Let $\mathfrak{g}$ be a finite dimensional Lie algebra and $B:\mathfrak{g} \times \mathfrak{g} \rightarrow \mathbb{K}$ be a non-degenerate invariant symmetric bilinear form. Then there exists a unique $C_{B} \in \mathfrak{U(g)}$, called the Casimir element of $\mathfrak{g}$ corresponding to $B$, such that $$\sum_{i=1}^{n} e_{i}(B^{\sharp}e_{i}^{*}), $$ for any basis $e_{1},...,e_{n}$ of $\mathfrak{g}$, with corresponding dual basis $e_{1}^{*},...,e_{n}^{*}$, where $B^{\sharp}:\mathfrak{g^{*}} \rightarrow \mathfrak{g}$ denotes the inverse of the linear isomorphism $B^{\flat}: \mathfrak{g} \rightarrow \mathfrak{g^{*}}, X \mapsto B(X,-)$. Additionally, $C_{B}$ is a quadratic central element of $\mathfrak{U(g)}$, i.e. $$C_{B} \in \mathfrak{U_{2}(g)} \setminus \mathfrak{U_{1}(g)}$$ and $$C_{B} \in Z(\mathfrak{U(g)}). $$
I'm studying this proposition on Casimir element and i've a question: in its proof it says that if we fix a basis $e_1,...,e_n \in \mathfrak{g}$, since $B$ is non-degenerate, also $B^{\sharp}e_{1}^{*},...,B^{\sharp}e_{n}^{*}$ is a basis of $\mathfrak{g}$, but i can't understand why.
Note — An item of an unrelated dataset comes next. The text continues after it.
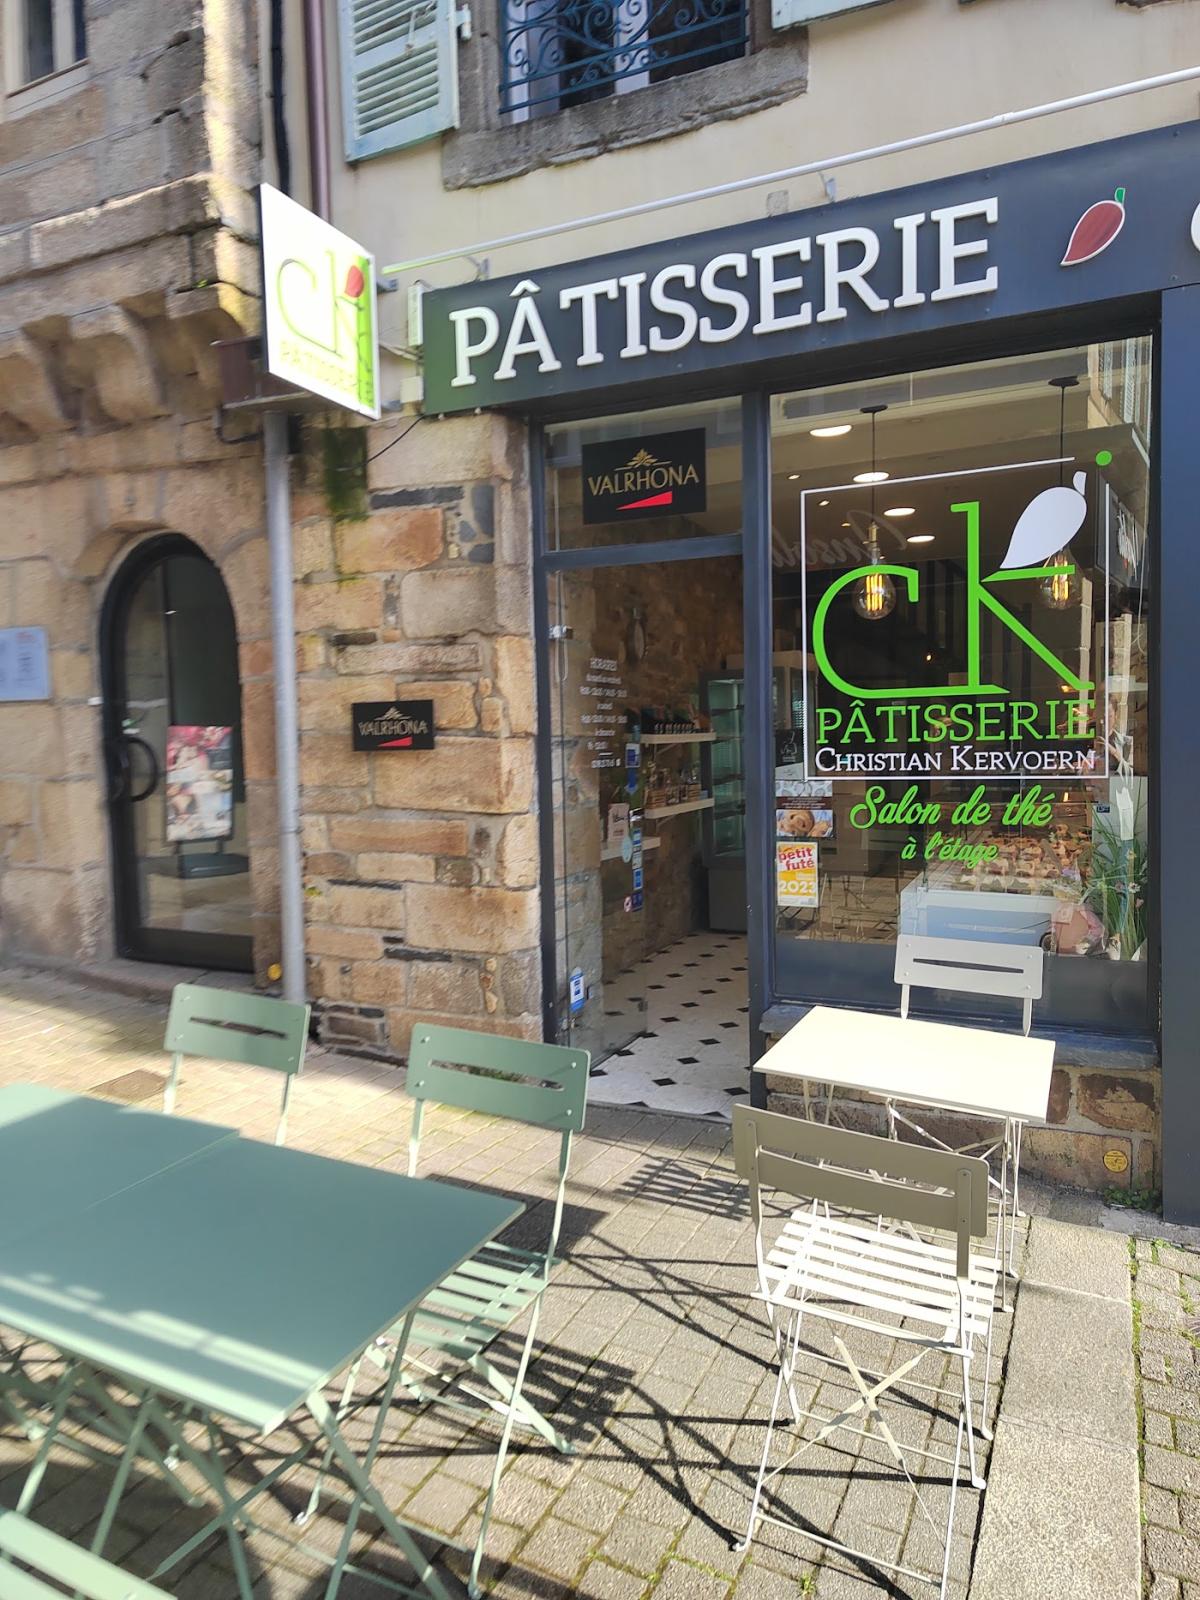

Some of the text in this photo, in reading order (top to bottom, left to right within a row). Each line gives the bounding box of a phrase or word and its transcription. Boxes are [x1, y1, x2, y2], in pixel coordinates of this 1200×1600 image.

Is there anyone who can help me?
Since $B$ is non-degenerate, we can easily compute the kernel of $B^\flat$, indeed $$\begin{align*} X \in \ker B^\flat &\iff B^\flat (X) = 0\\ &\iff \forall Y \in \mathfrak{g}, \, B(X,Y) = 0\\ &\iff X = 0 \end{align*}$$
So $B^\flat$ is injective and since $\dim \mathfrak{g} = \dim \mathfrak{g}^* < \infty$, it is bijective, thus it has an inverse linear map $B^\sharp:\mathfrak{g}^* \to \mathfrak{g}$ that sends any basis of $\mathfrak{g}^*$ on a basis of $\mathfrak{g}$.
In particular $(B^\sharp e_1^*,\dots,B^\sharp e_n^*)$ is a basis of $\mathfrak{g}$.
This can be summarized as "the composition $B^\sharp \circ (-)^*_{(e_1,\dots,e_n)}$ is an automorphism of $\mathfrak{g}$ (as a vector space).